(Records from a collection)
Content starts

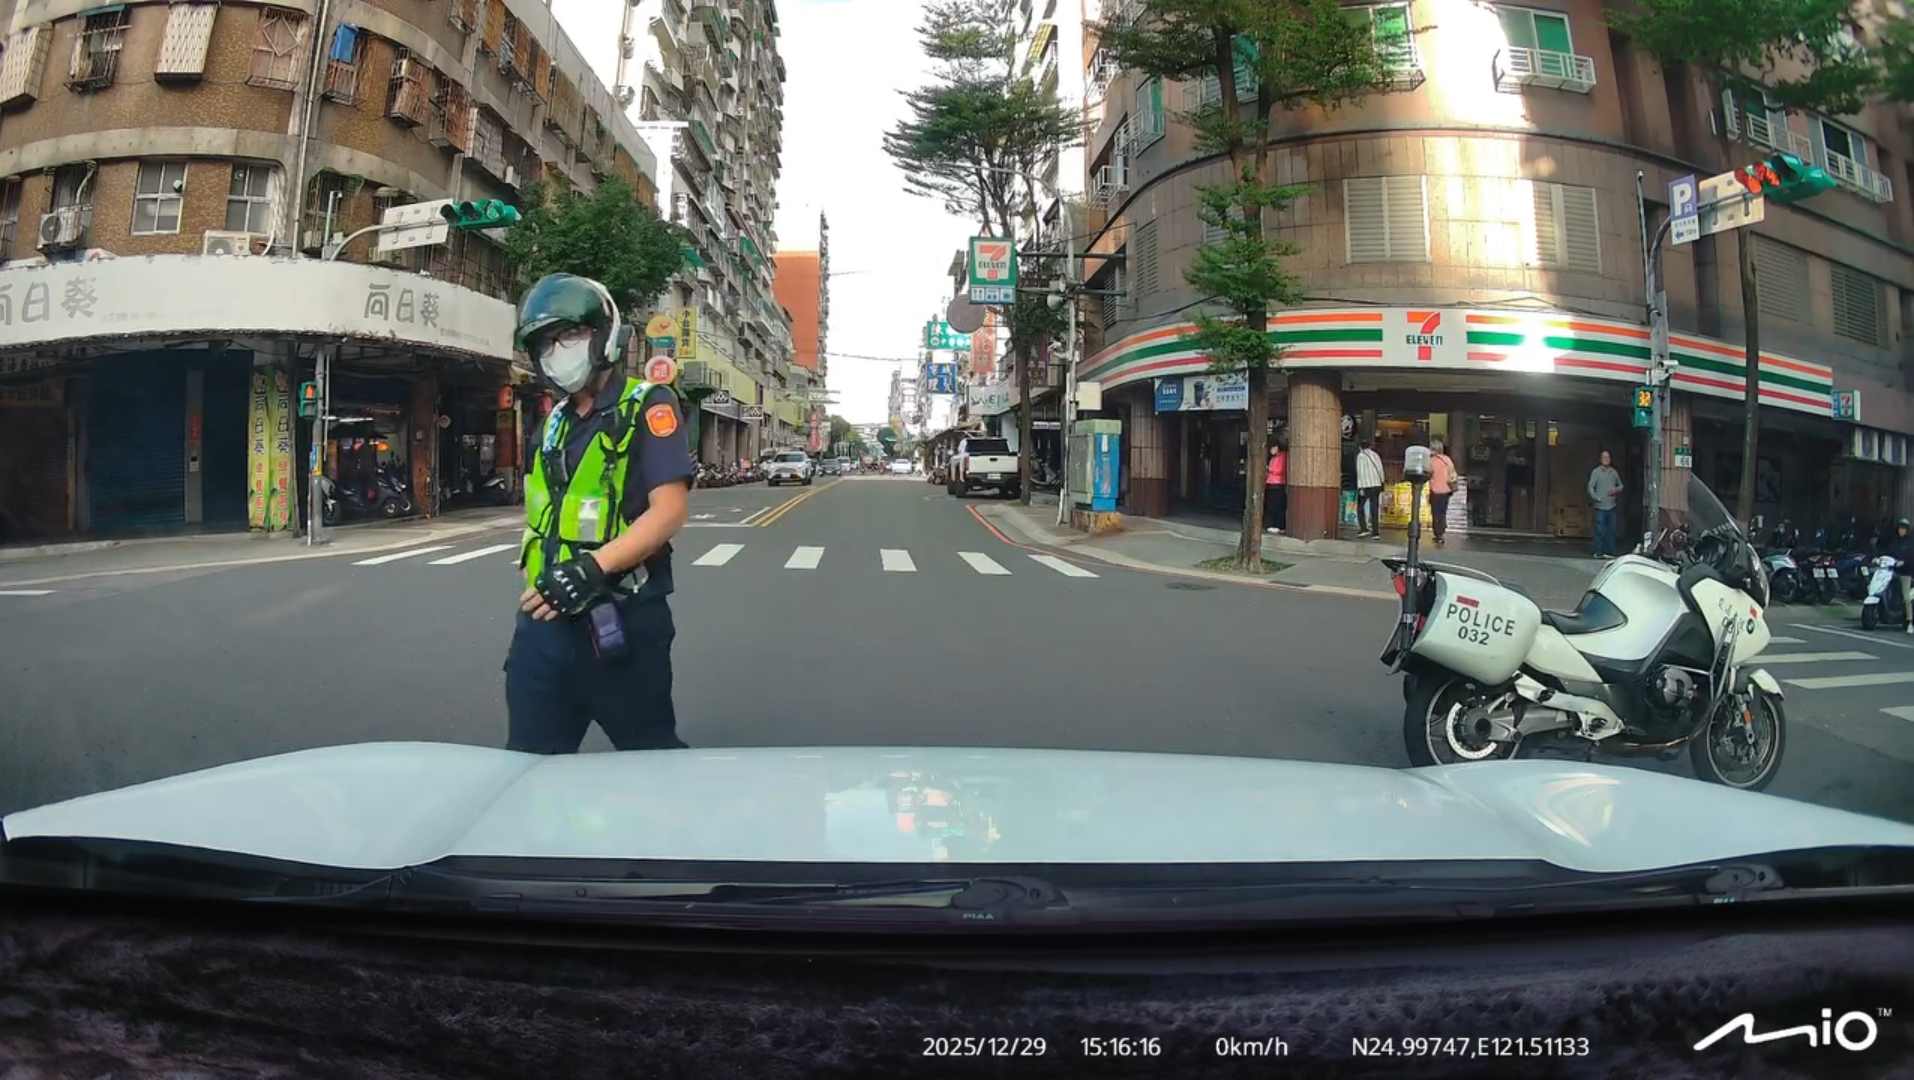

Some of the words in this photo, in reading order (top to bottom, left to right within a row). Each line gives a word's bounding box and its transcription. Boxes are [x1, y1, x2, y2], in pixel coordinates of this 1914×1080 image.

[1673, 183, 1692, 216] P
[363, 283, 440, 328] 向日葵
[1446, 603, 1516, 636] POLICE
[1458, 626, 1490, 646] 032
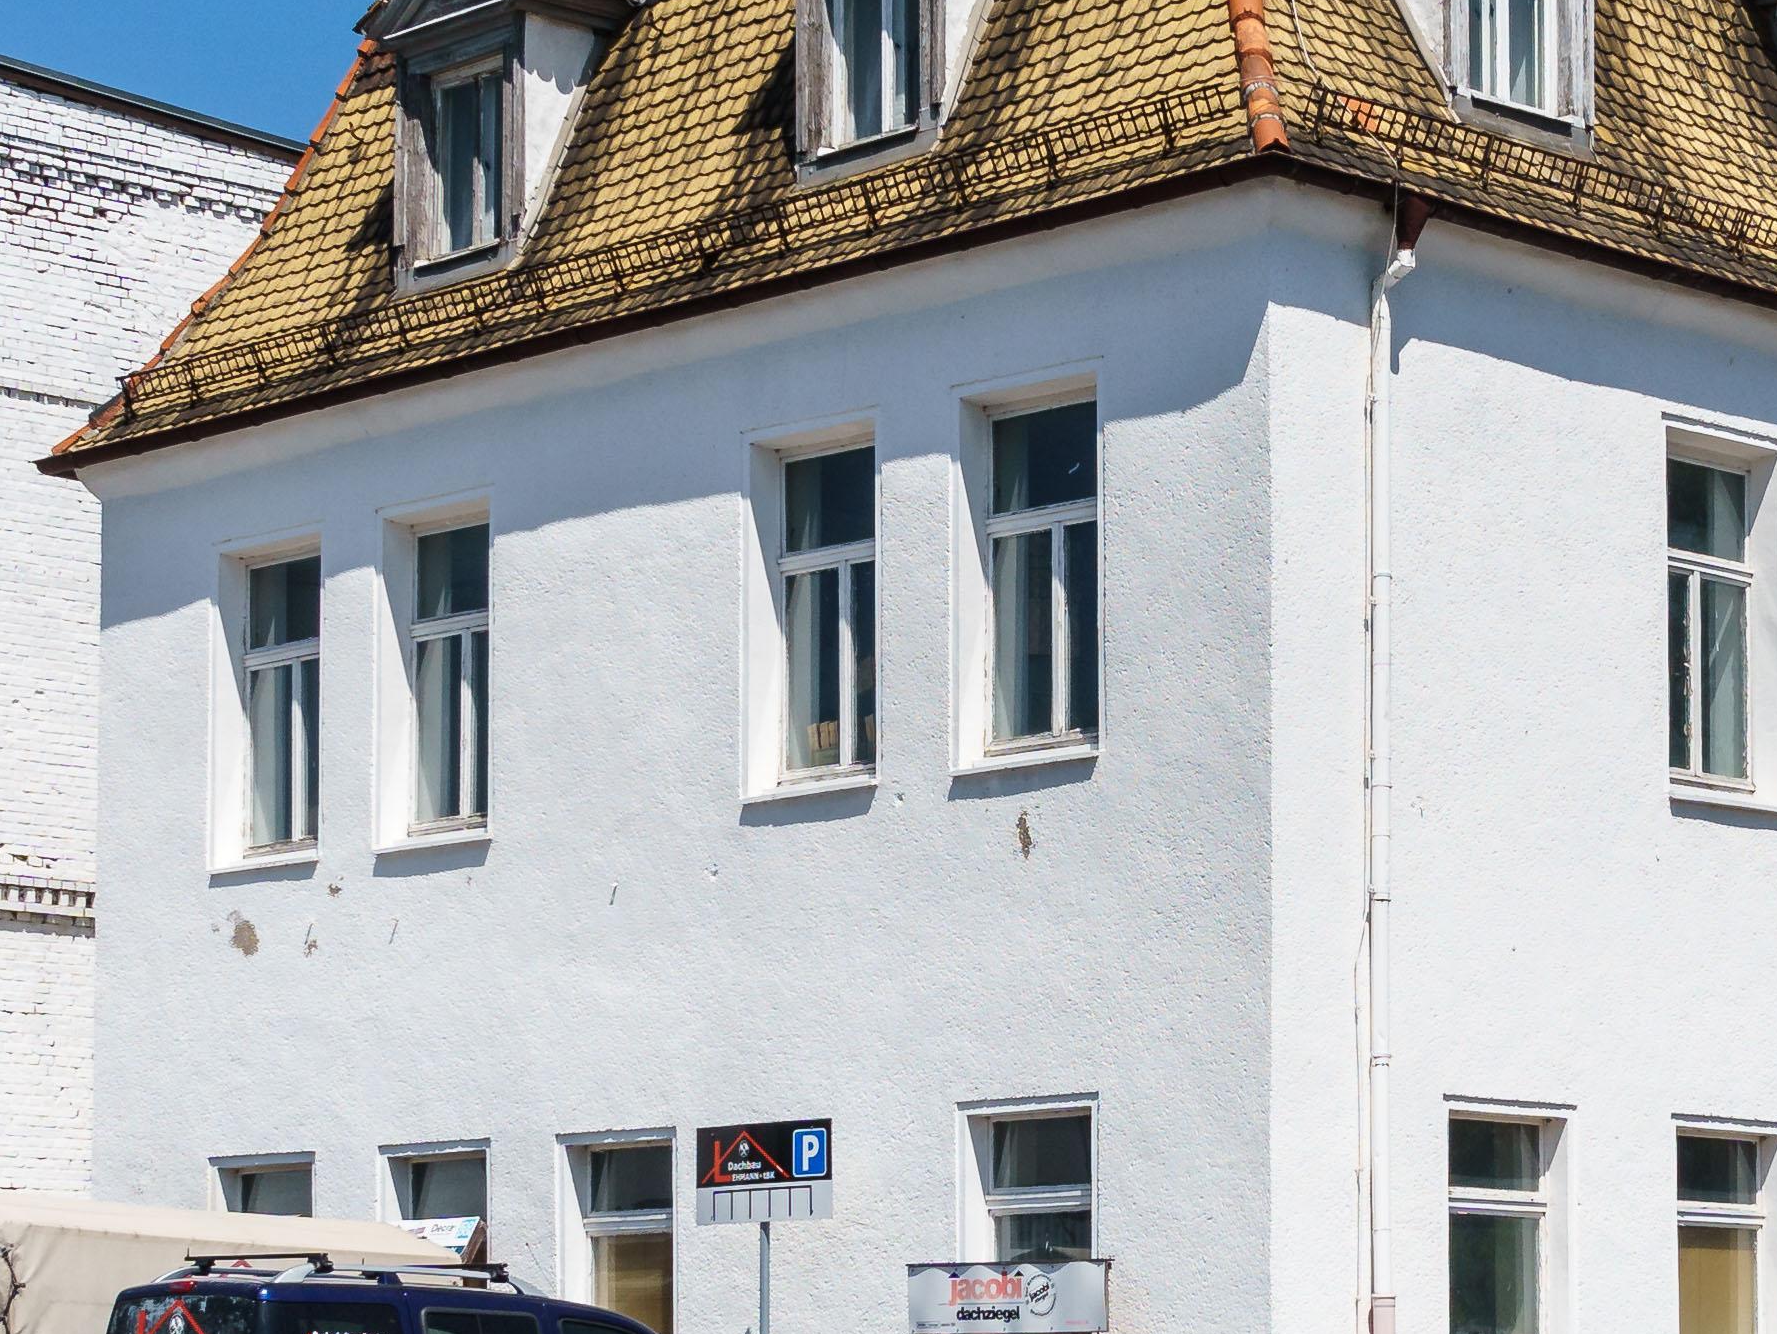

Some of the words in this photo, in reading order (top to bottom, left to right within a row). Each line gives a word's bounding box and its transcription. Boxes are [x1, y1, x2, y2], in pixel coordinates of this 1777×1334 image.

Content ends

--- Required work ---
Write out the records word for word. Pictures stay out.

--- Exercise result ---
Some of the words in this photo, in reading order (top to bottom, left to right within a row). Each line gives a word's bounding box and its transcription. Boxes are [x1, y1, x2, y2], in pixel coordinates of this 1914×1080 image.

[1673, 183, 1692, 216] P
[363, 283, 440, 328] 向日葵
[1446, 603, 1516, 636] POLICE
[1458, 626, 1490, 646] 032

Some of the words in this photo, in reading order (top to bottom, left to right within a row). Each line gives a word's bounding box and its transcription. Boxes are [x1, y1, x2, y2], in pixel coordinates of this 1777×1334 image.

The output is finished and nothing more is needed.